Phrase grounding data:
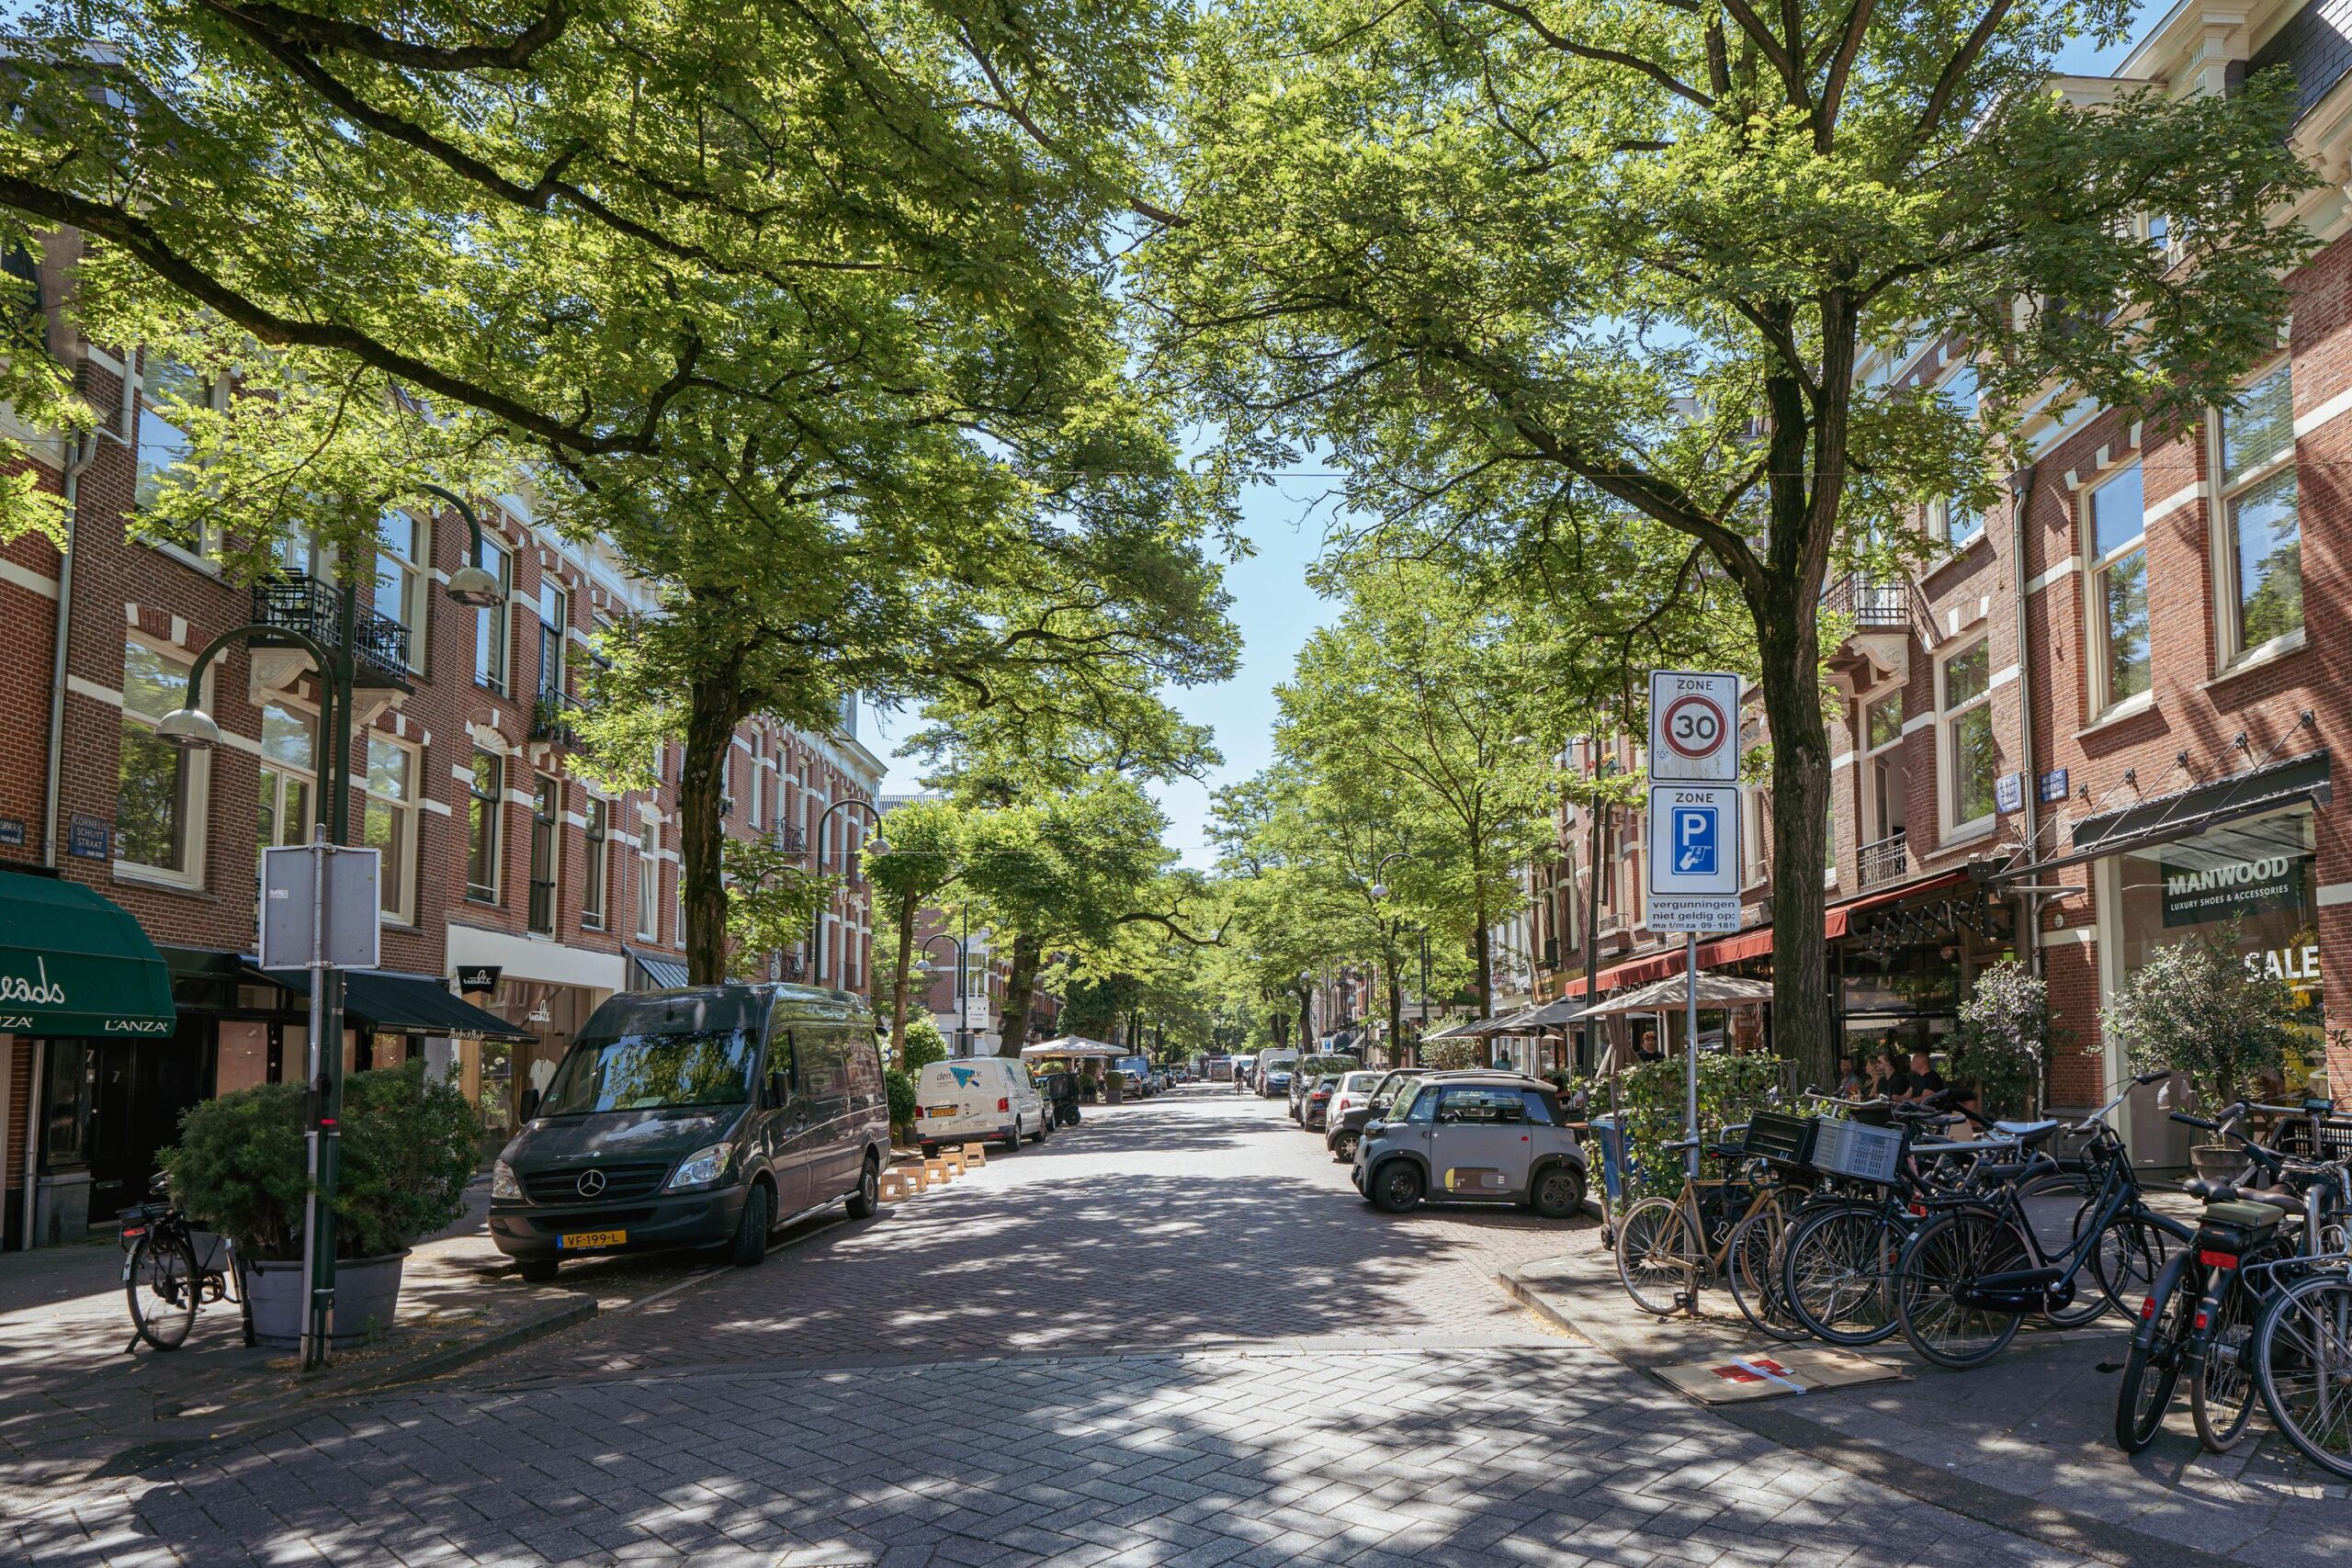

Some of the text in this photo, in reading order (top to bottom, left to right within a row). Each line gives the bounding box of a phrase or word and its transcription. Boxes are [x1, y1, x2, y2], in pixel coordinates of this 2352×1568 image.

[1677, 679, 1713, 691] ZONE
[1675, 715, 1716, 740] 30
[1675, 793, 1714, 804] ZONE
[74, 816, 108, 831] CORNELIS
[1682, 813, 1707, 846] P
[76, 828, 105, 840] SCHUYT
[77, 838, 103, 850] STRAAT
[2167, 856, 2290, 897] MANWOOD
[2170, 885, 2289, 911] LUXURY SHOES & ACCESSORIES
[1653, 900, 1736, 909] vergunningen
[1653, 911, 1736, 921] niet geldig op:
[2244, 945, 2321, 983] SALE
[86, 1050, 95, 1062] 7
[112, 1070, 122, 1083] 7
[936, 1072, 951, 1081] den
[568, 1233, 619, 1246] VF-199-L
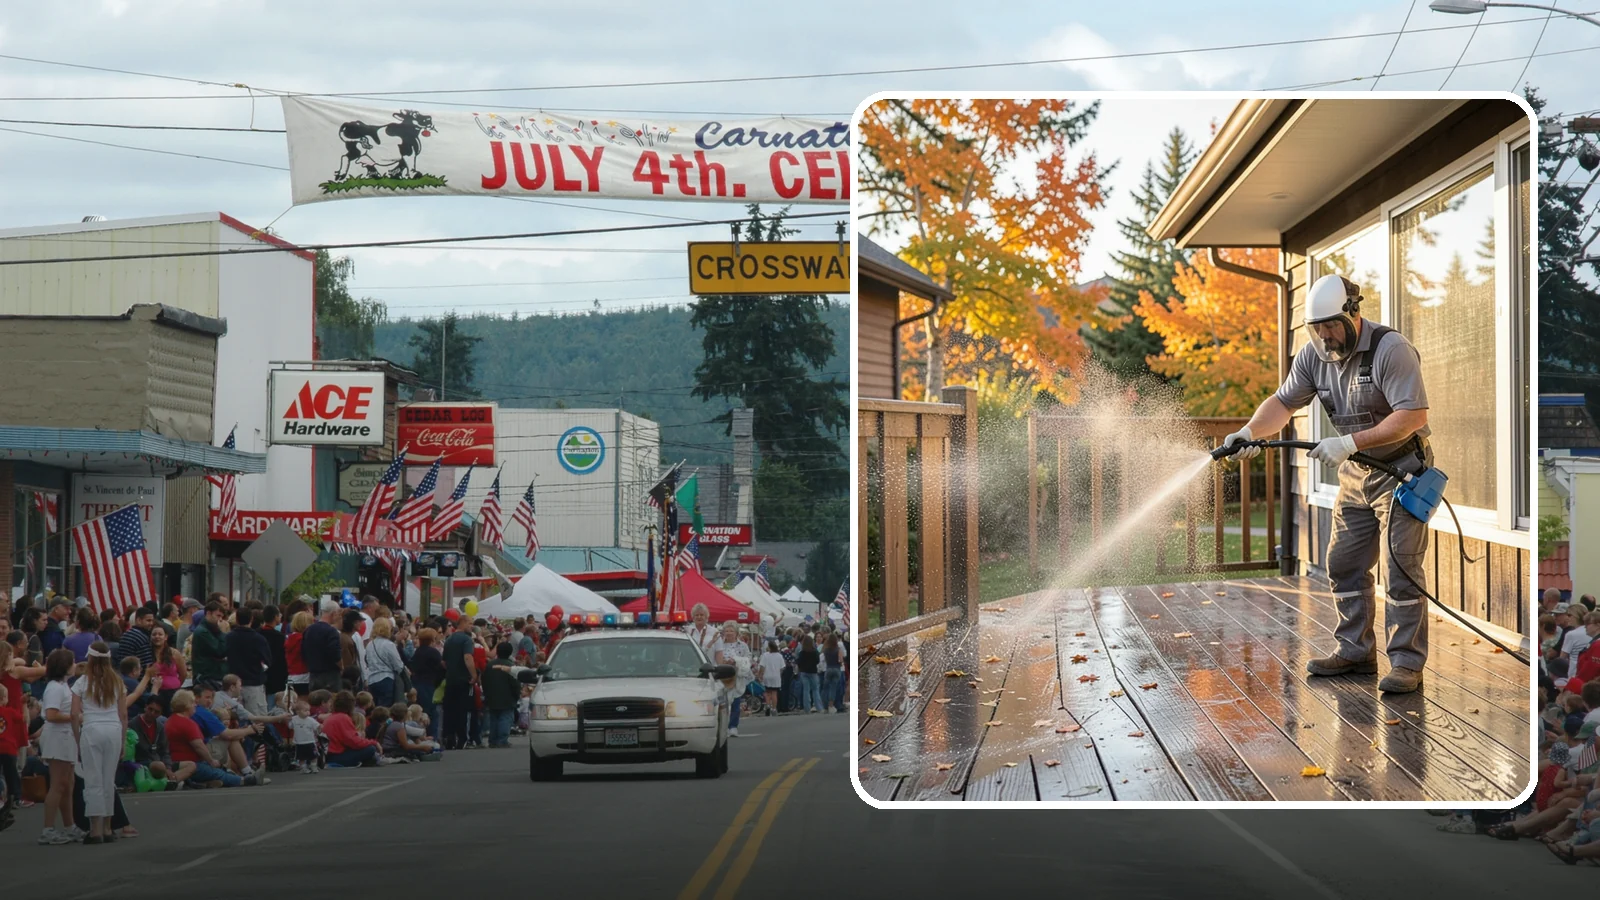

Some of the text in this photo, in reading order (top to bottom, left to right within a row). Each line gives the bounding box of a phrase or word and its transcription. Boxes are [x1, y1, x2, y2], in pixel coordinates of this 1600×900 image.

[695, 121, 850, 150] Carnat
[481, 141, 605, 192] JULY
[632, 149, 747, 198] 4th.
[697, 254, 850, 280] CROSSWA
[282, 380, 374, 420] ACE
[406, 409, 452, 422] CEDAR
[283, 421, 371, 436] Hardware
[416, 428, 476, 447] Coca-Cola
[353, 467, 386, 479] Simpl
[95, 485, 124, 495] Vincent
[126, 486, 135, 495] de
[138, 486, 155, 495] Paul
[688, 526, 741, 535] CRNATION
[699, 535, 730, 543] GLASS

▶ **WORK TO COMPLETE**
An exact copy of the entries above is required, with the pictures left out.

▶ **YOUR RESPONSE**
Some of the text in this photo, in reading order (top to bottom, left to right within a row). Each line gives the bounding box of a phrase or word and its transcription. Boxes are [x1, y1, x2, y2], in pixel coordinates of this 2352×1568 image.

[1677, 679, 1713, 691] ZONE
[1675, 715, 1716, 740] 30
[1675, 793, 1714, 804] ZONE
[74, 816, 108, 831] CORNELIS
[1682, 813, 1707, 846] P
[76, 828, 105, 840] SCHUYT
[77, 838, 103, 850] STRAAT
[2167, 856, 2290, 897] MANWOOD
[2170, 885, 2289, 911] LUXURY SHOES & ACCESSORIES
[1653, 900, 1736, 909] vergunningen
[1653, 911, 1736, 921] niet geldig op:
[2244, 945, 2321, 983] SALE
[86, 1050, 95, 1062] 7
[112, 1070, 122, 1083] 7
[936, 1072, 951, 1081] den
[568, 1233, 619, 1246] VF-199-L

Some of the text in this photo, in reading order (top to bottom, left to right within a row). Each line gives the bounding box of a phrase or word and its transcription. Boxes are [x1, y1, x2, y2], in pixel coordinates of this 1600×900 image.

[695, 121, 850, 150] Carnat
[481, 141, 605, 192] JULY
[632, 149, 747, 198] 4th.
[697, 254, 850, 280] CROSSWA
[282, 380, 374, 420] ACE
[406, 409, 452, 422] CEDAR
[283, 421, 371, 436] Hardware
[416, 428, 476, 447] Coca-Cola
[353, 467, 386, 479] Simpl
[95, 485, 124, 495] Vincent
[126, 486, 135, 495] de
[138, 486, 155, 495] Paul
[688, 526, 741, 535] CRNATION
[699, 535, 730, 543] GLASS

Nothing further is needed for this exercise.